Big 12 loses WVU but adds BYU, Houston and Colorado St. Pac 12 stays the same-Washington, Washington St., Oregon, Oregon ST., Cal, Stanford, UCLA, USC, Arizona, Arizona St., Utah, Colorado.
Big 12 is Texas, Texas Tech, TCU, Baylor, Colorado St., BYU, Houston, Oklahoma, Oklahoma St., Kansas, Kansas St., Iowa St.
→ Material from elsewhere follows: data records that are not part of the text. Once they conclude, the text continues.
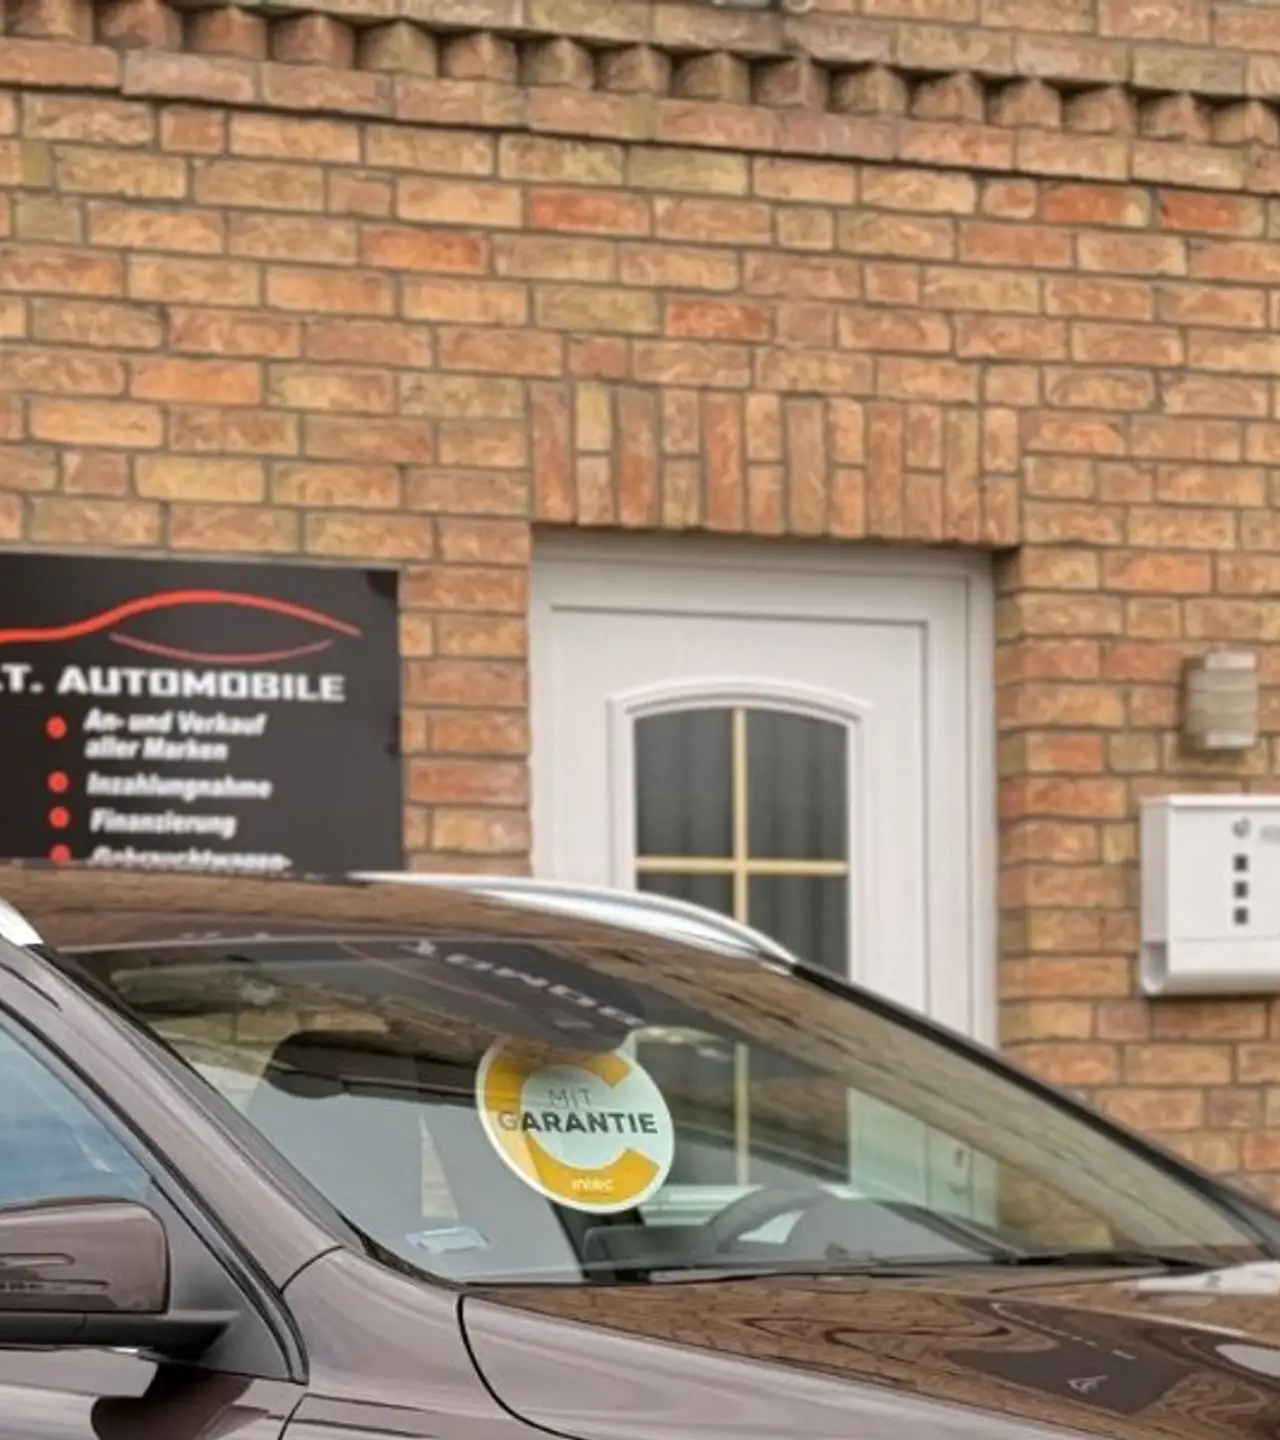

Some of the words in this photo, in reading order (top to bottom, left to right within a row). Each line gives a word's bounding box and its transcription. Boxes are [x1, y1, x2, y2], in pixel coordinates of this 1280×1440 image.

[56, 665, 347, 702] AUTOMOBILE
[83, 707, 125, 732] An-
[128, 709, 173, 733] und
[177, 710, 267, 736] Verkauf
[84, 735, 140, 759] aller
[142, 736, 229, 761] Marken
[86, 771, 273, 802] Inzahlungnahme
[90, 808, 237, 839] Finanzierung
[549, 1087, 591, 1109] MIT
[499, 1111, 658, 1133] GARANTIE
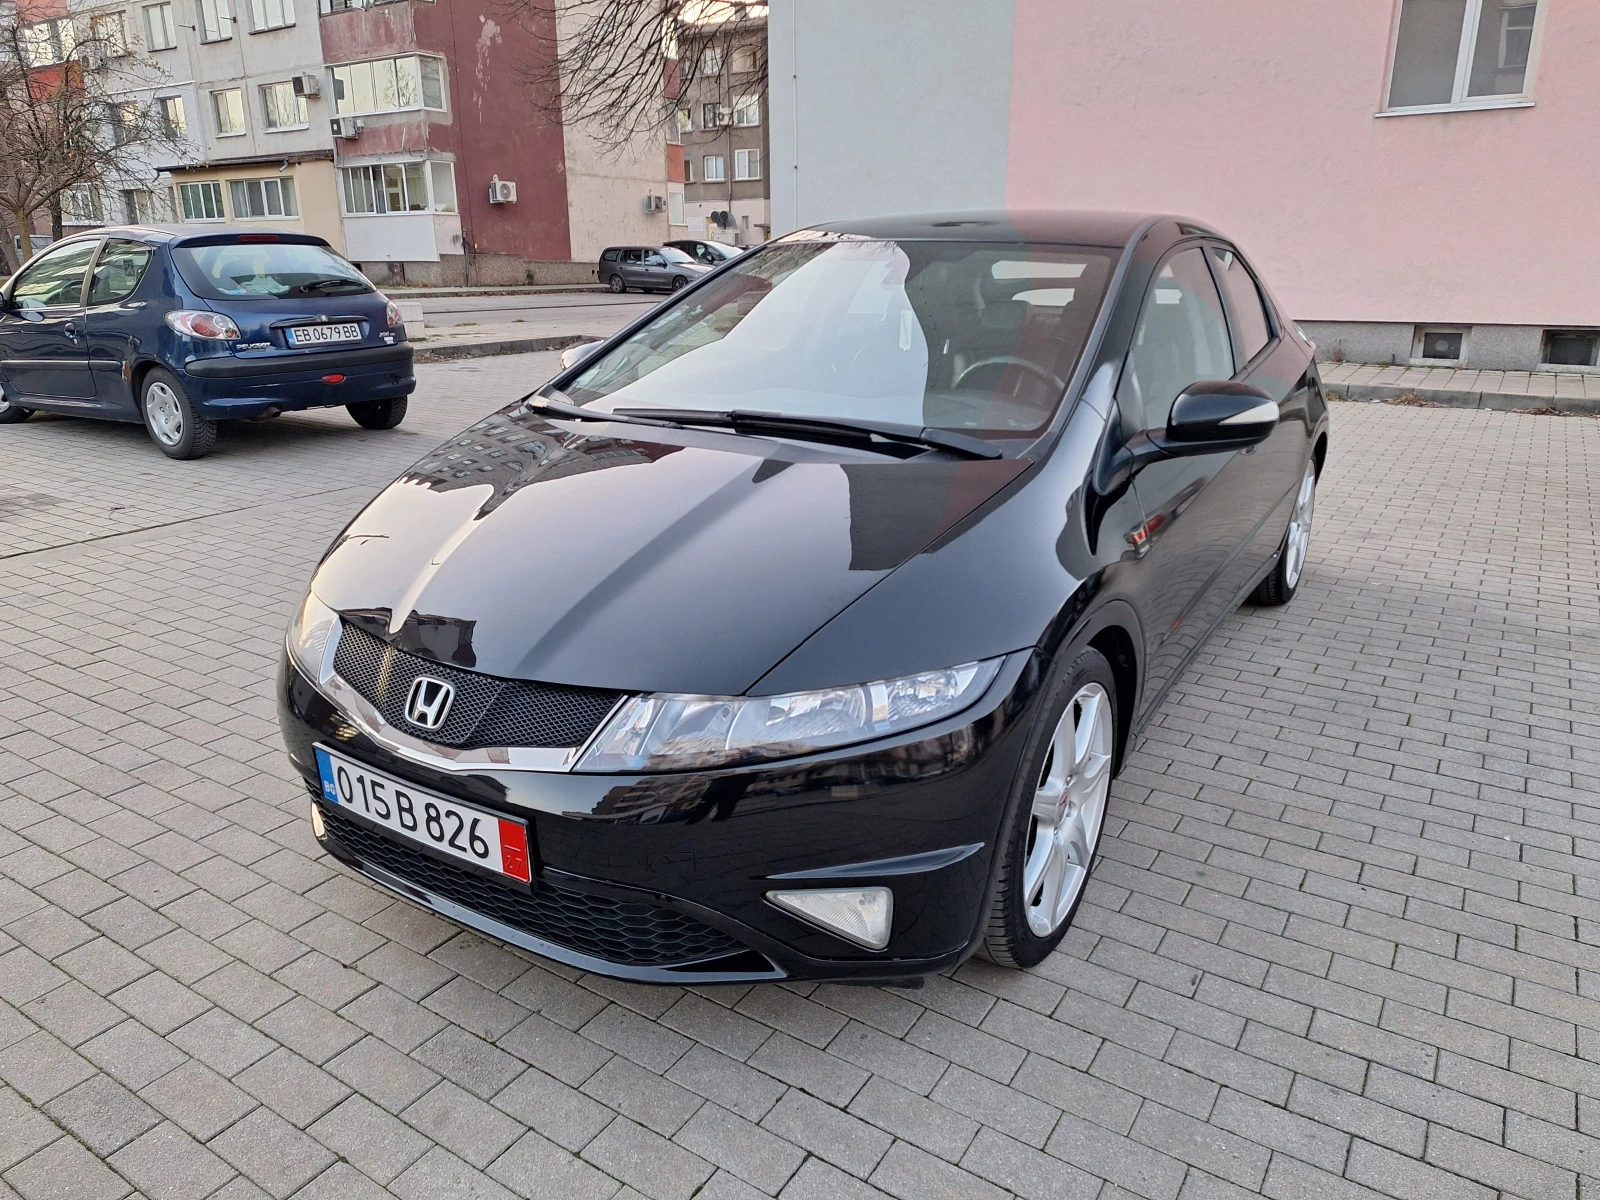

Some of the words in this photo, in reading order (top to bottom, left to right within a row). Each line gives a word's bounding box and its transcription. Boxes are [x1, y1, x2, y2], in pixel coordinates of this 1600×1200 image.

[294, 329, 312, 342] EB
[312, 326, 341, 341] 0679
[342, 325, 359, 339] BB
[236, 342, 271, 350] PEUGEOT
[323, 780, 336, 796] BG
Big 10 adds ACC Coastal and ND + UConn and USF
Big 10 is Nebraska, Iowa, Minnesota, Wisconsin, Northwestern, Illinois, Indiana, Purdue, Michigan St., Michigan, Ohio St., Rutgers
Big 10 Atlantic is Penn St., Maryland, Notre Dame, Pitt, Virginia, Virginia Tech, North Carolina, Duke, Georgia Tech, Miami, UConn, USF
SEC adds ACC Atlantic and WVU + UCF and Cincinnati
SEC is Arkansas, Texas A&M, LSU, Ole Miss, Mississippi St., Alabama, Auburn, Florida, Georgia, Tennessee, Vanderbilt, Kentucky
ACC is FSU, Clemson, North Carolina St., Wake Forest, Boston College, Syracuse, Louisville, West Virginia, Missouri, South Carolina, UCF, Cincinnati
With this setup, the conferences can play an 8 game conference schedule, either a 5-0-3 or 5-1-2 (5 vs. division, 0 or 1 fixed cross division and 3 or 2 rotating cross division). They get everyone in the conference at least either 2 in 4 years (5-0-3) or 2 in 5 years (5-1-2). They play at least 1 ooc against the partner conference. If they play 2, they can get everyone in the partner conference 2 times in 12 years, similar to what SEC E&W and ACC Atlantic&Coastal do now. You have more conference titles, more division titles, closer ties within the conference and similar ties with the paired conference as you do now in the ACC and SEC.
Another way to split the ACC would be N/S, but the above keeps existing scheduling similar, shares the populous east coast and shares the 3 biggest names (FSU, Clemson, Miami).